Un verano más, y España arde. Y el fuego, cada año, se extiende con más rapidez y virulencia. Mientras escribo estas líneas, hay alrededor de 100.000 personas afectadas por las llamas y por el humo, confinadas, evacuadas, incluso quienes lo han perdido todo. En lo que va de año, ya han ardido más de 150.000 hectáreas. Se ha quemado una superficie cinco veces mayor a la que se había quemado el año pasado por estas fechas. El Gobierno ha decretado emergencia nacional ante la gravedad de los incendios de Toledo, Ávila y Madrid; este último, el incendio más destructivo de nuestra historia.

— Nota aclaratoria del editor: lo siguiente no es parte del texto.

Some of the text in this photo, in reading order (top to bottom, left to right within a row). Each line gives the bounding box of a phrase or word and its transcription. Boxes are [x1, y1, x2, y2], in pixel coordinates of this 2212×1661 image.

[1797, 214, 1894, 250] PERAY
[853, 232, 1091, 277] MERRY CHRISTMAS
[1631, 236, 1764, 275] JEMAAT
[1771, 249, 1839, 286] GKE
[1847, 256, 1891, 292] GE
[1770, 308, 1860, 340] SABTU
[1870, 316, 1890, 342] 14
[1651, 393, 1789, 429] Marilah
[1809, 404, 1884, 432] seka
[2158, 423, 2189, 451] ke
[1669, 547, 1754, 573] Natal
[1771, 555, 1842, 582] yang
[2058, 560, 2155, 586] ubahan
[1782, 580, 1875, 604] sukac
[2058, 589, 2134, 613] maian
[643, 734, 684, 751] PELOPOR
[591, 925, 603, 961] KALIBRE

Ahora mismo, todas las fuerzas están dirigidas a coordinarse entre las administraciones de las distintas comunidades, a desplegar todos los recursos para atender a los más vulnerables, salvar vidas y extinguir el fuego, indomable a causa de las altísimas temperaturas. Ni siquiera estamos en la mitad del verano. El verano que comenzó con el incendio de Los Gallardos y sus trece víctimas mortales.

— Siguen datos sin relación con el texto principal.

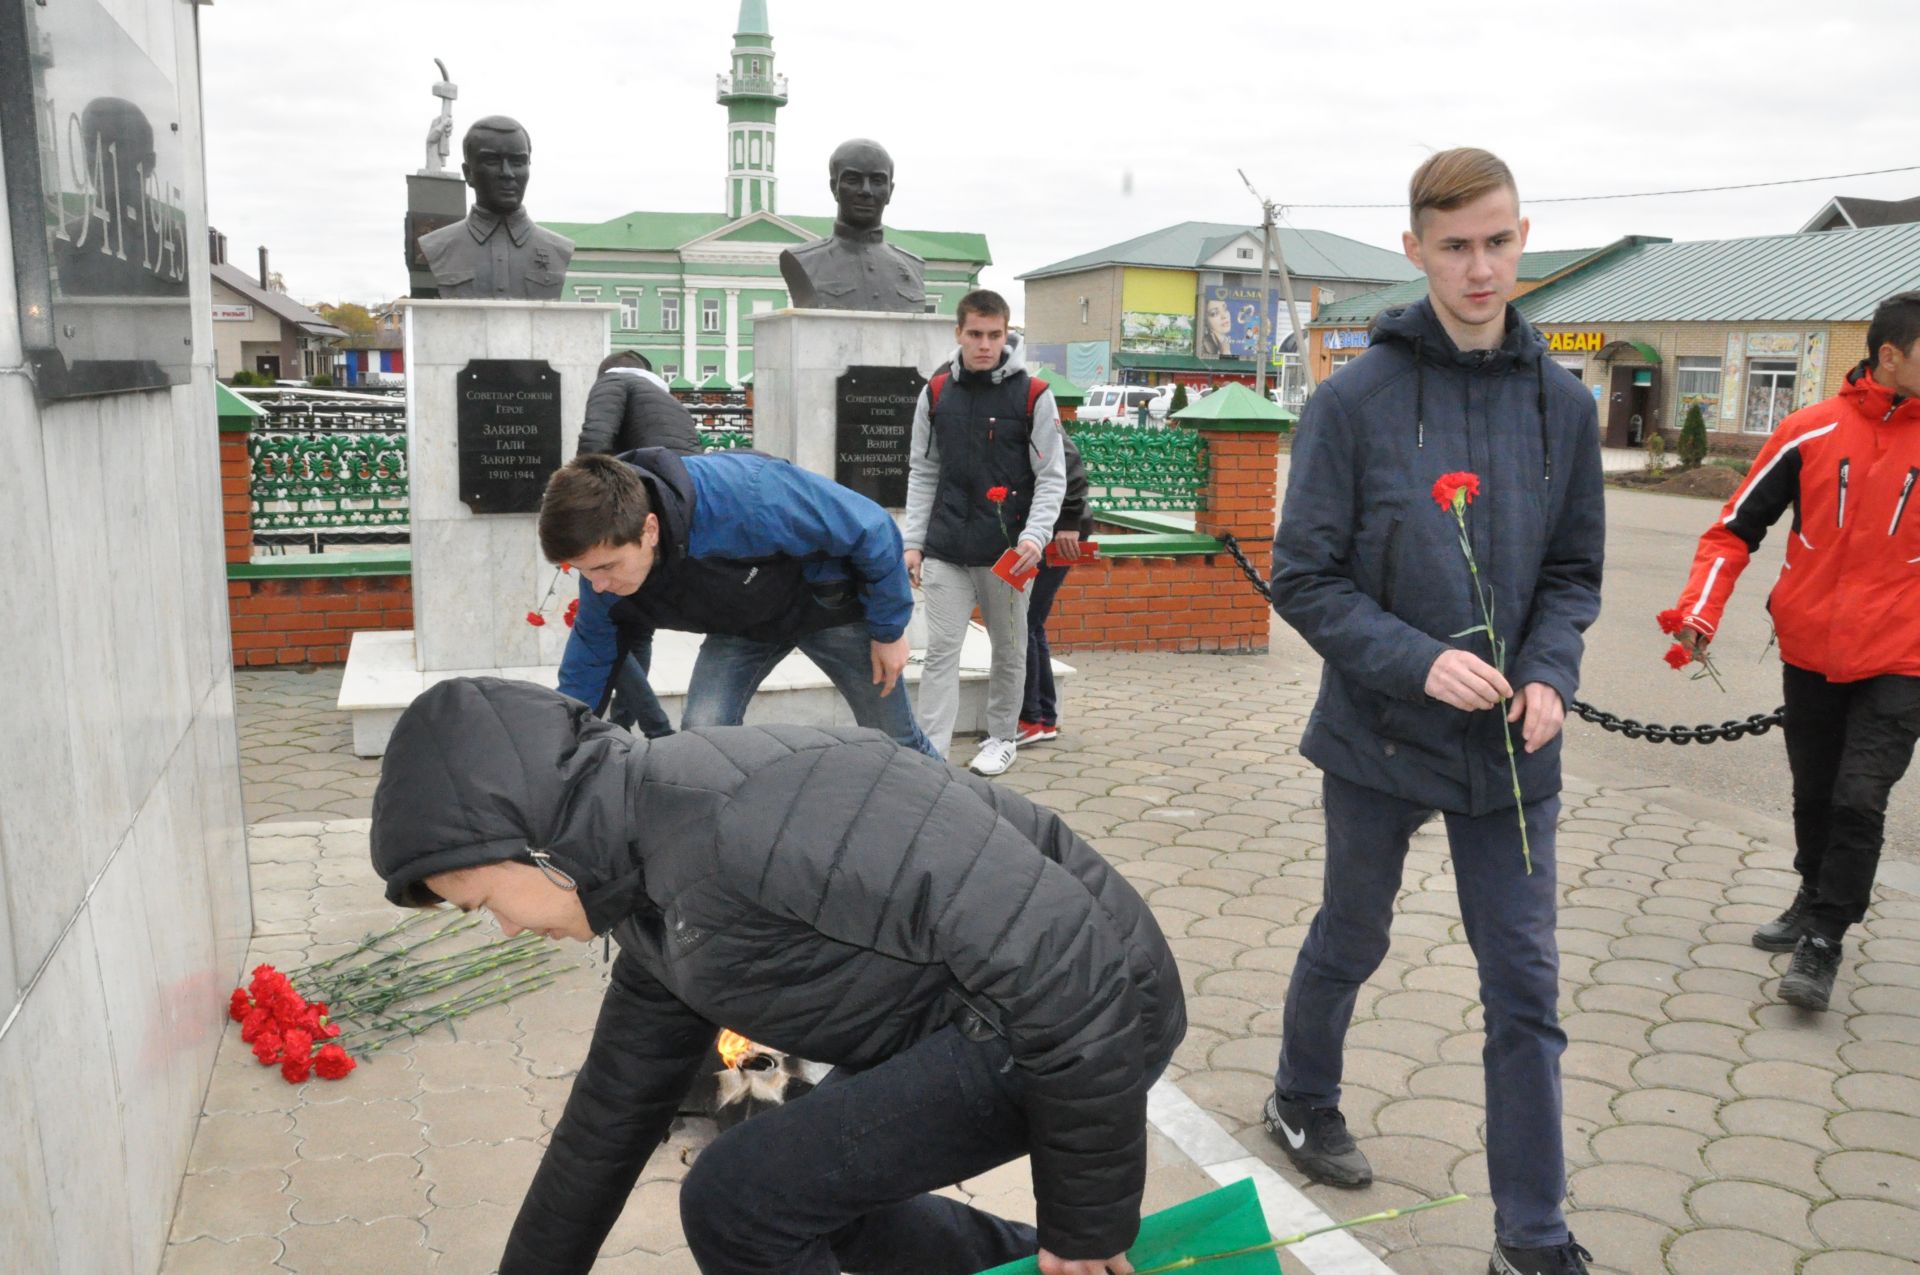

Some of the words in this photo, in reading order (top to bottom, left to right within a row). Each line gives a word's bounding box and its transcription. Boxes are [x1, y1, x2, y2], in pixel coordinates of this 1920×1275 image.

[46, 98, 185, 282] 1941-1945
[1232, 289, 1263, 299] ALMA
[482, 424, 538, 435] ЗАКИРОВ
[496, 440, 525, 450] ГАЛИ
[480, 454, 516, 465] ЗАКИР
[488, 470, 535, 480] 1910-1944

A última hora de la tarde del pasado viernes, las autoridades madrileñas calificaron el incendio de su comunidad como “fuera de la capacidad de extinción”. ¿Puede haber un momento de pánico más terrible que ese para una población que ha sido evacuada de sus casas? Nuestro territorio ya no es el que era. Las circunstancias ambientales a las que nos enfrentamos son radicalmente distintas, porque el clima ha cambiado y por tanto también el contexto y la adversidad. Además, el campo acumula hoy día mucho más combustible, por el éxodo rural y la falta de medidas y prevención. Luis Berbiela, el ingeniero de montes que fue durante 20 años jefe del Servei de Gestió Forestal i Protecció de Sòl de Balears, dijo hace pocos meses: “Lo primero que hay que hacer es creerse la realidad. No seguir creyendo que los bomberos podrán apagar todo o que el bosque no ha cambiado”. Los días de calor extremo aumentan, las olas de calor son cada vez más tempranas, más frecuentes y más seguidas; las condiciones del medio, es indudable, han cambiado muchísimo: urge reformular, de forma prioritraria, nuestras actuaciones.